- **ASSIGNMENT**
Your reply should be an exact copy of every entry, with the pictures removed.

------ SUPPLIED RECORDS ------

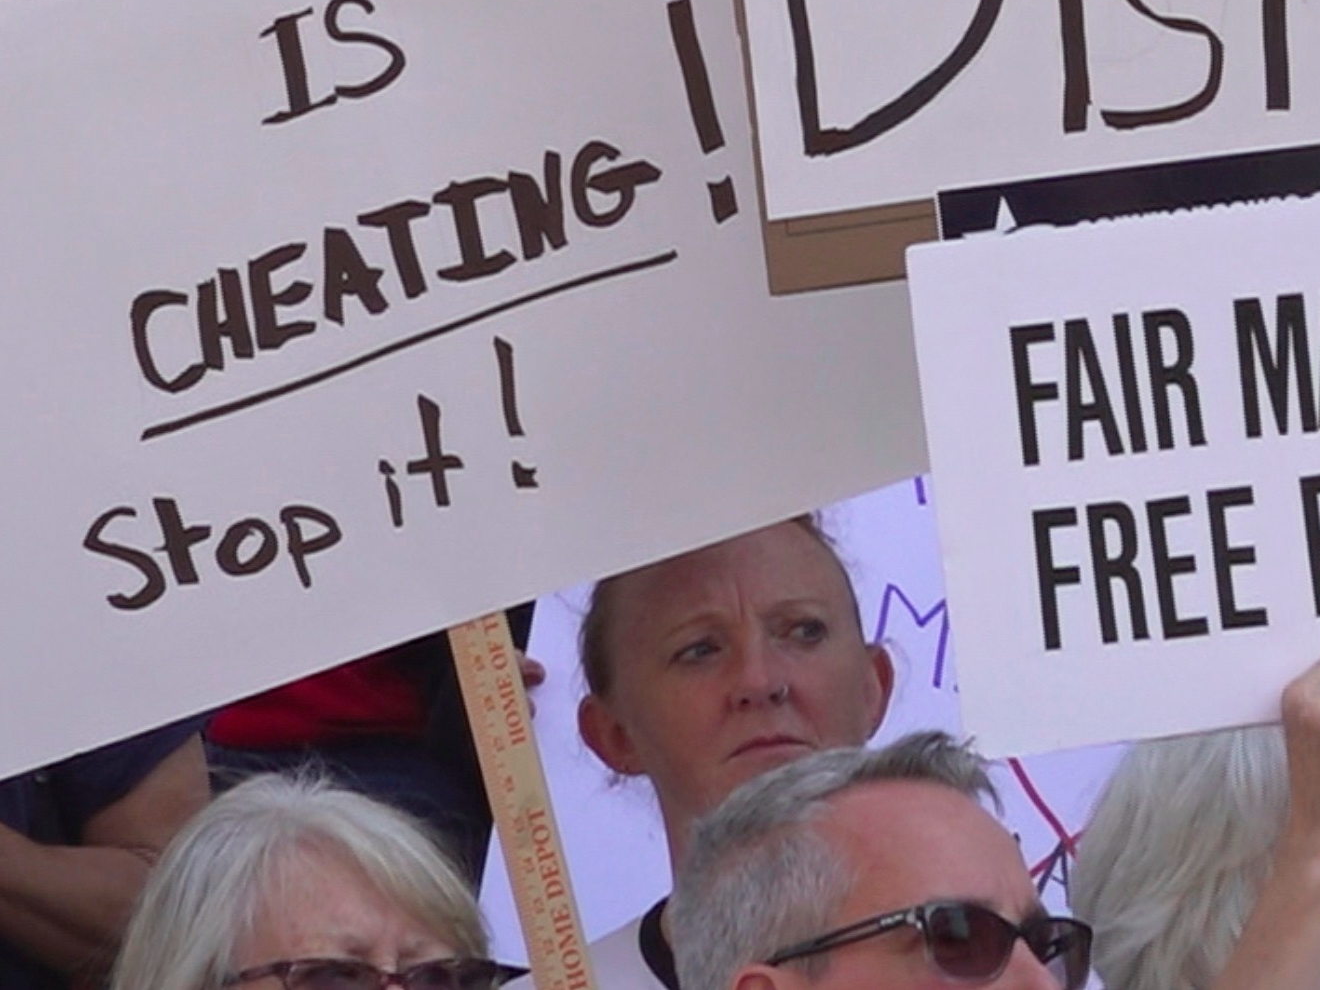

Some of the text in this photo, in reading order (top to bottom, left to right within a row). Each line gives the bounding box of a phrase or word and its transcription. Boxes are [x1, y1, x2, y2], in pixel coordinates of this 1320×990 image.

[1008, 306, 1206, 467] FAIR
[83, 497, 342, 610] Stop
[1032, 485, 1268, 652] FREE
[496, 676, 527, 746] HOME
[527, 807, 588, 990] HOME DEPOT

------

- **RESULT**
Some of the text in this photo, in reading order (top to bottom, left to right within a row). Each line gives the bounding box of a phrase or word and its transcription. Boxes are [x1, y1, x2, y2], in pixel coordinates of this 1320×990 image.

[1008, 306, 1206, 467] FAIR
[83, 497, 342, 610] Stop
[1032, 485, 1268, 652] FREE
[496, 676, 527, 746] HOME
[527, 807, 588, 990] HOME DEPOT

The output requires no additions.